On 21/08/2020 08:21, Mark Rogers wrote:
On Wed, 19 Aug 2020 at 17:59, steve-ALUG@hst.me.uk wrote:
YMMV of course. It depends where your printer is and how it is connected to your network.
Fair point, i should have started with that!
All my printers (2 at work, 2 at home currently, but all the ones that have been in their places before them for as far back as I can remember) have been direct network (cabled), ie my PC/laptop is talking to the IP of the printer directly without an intermediate Linux or Windows box.
What is the best way to see "inside" the printing process and see what is taking the time?
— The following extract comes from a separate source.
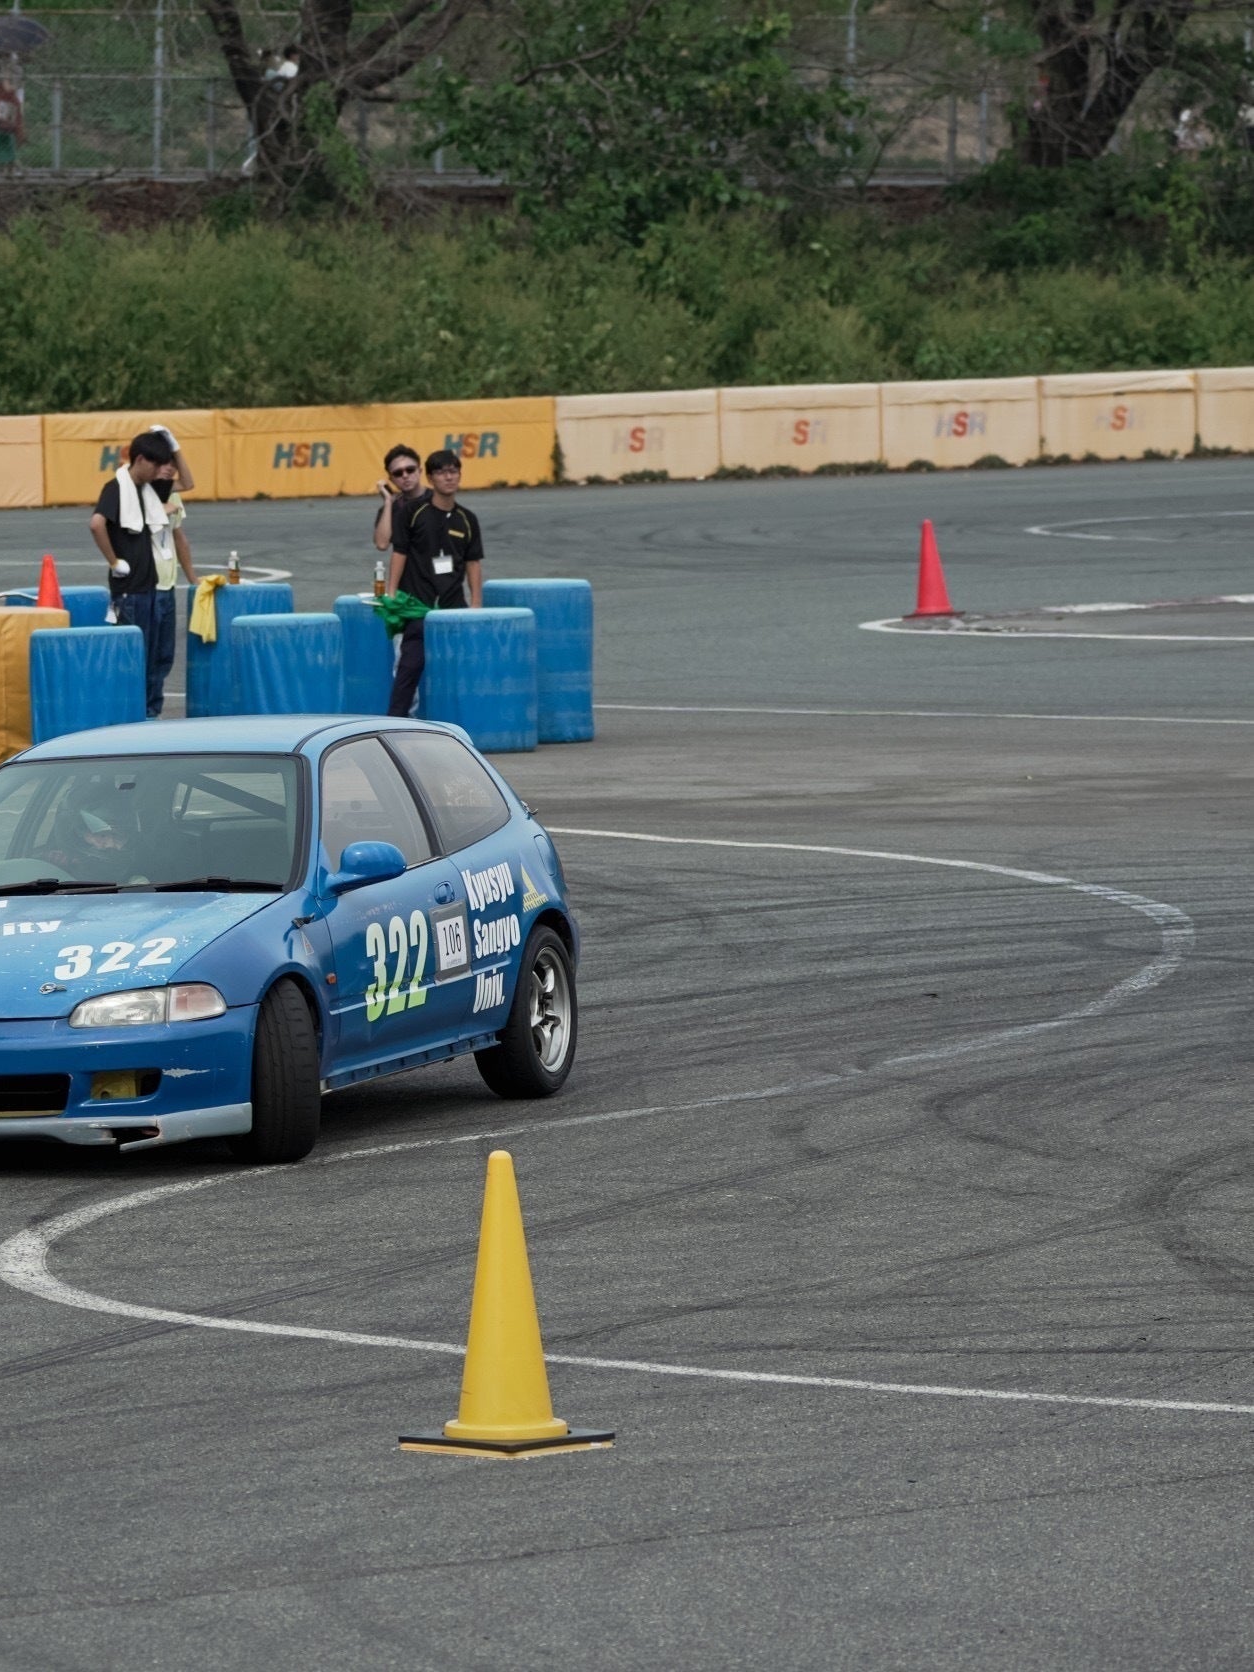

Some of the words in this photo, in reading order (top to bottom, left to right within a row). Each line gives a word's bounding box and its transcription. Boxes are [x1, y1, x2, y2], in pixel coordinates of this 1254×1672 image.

Not sure. Is Cups installed? I would expect it is. Try web-browsing to 127.0.0.1:631. Check printers. See which printer driver you have installed. Click on one of the print queues, click "show all jobs" - if this shows print jobs it confirms that printing is going via cups. Click back on "Show Active Jobs" to switch back to normal view.
I'd suggest looking at cups configuration info (config files?), looking at printer settings in cups's web interface and looking at Linux's printer settings in whichever flavour of Linux you have
e.g. sudo system-config-printer on gnome based distros e.g. *buntu.
Based only on the times taken, it *feels* like Windows is sending printing commands (eg PCL or something bespoke to the printer via the Windows printer driver) whereas the Linux box is turning everything into a high DPI bitmap and then trying to manage that - ie one is sending vastly more "data" to the printer than the other for the same desired outcome.
Try a different printer driver too. Is there one on the manufacturer's website? Also, sometimes there is more than one printer driver that works with a specific printer.
I'm sure a bit of judicious googling with "Slow Printing Linux PRINTER NAME" or "Linux Printer Driver PRINTER NAME" I'm sure there's lots of info out there about fixing Linux printer problems.
That's about all I can suggest. Good luck.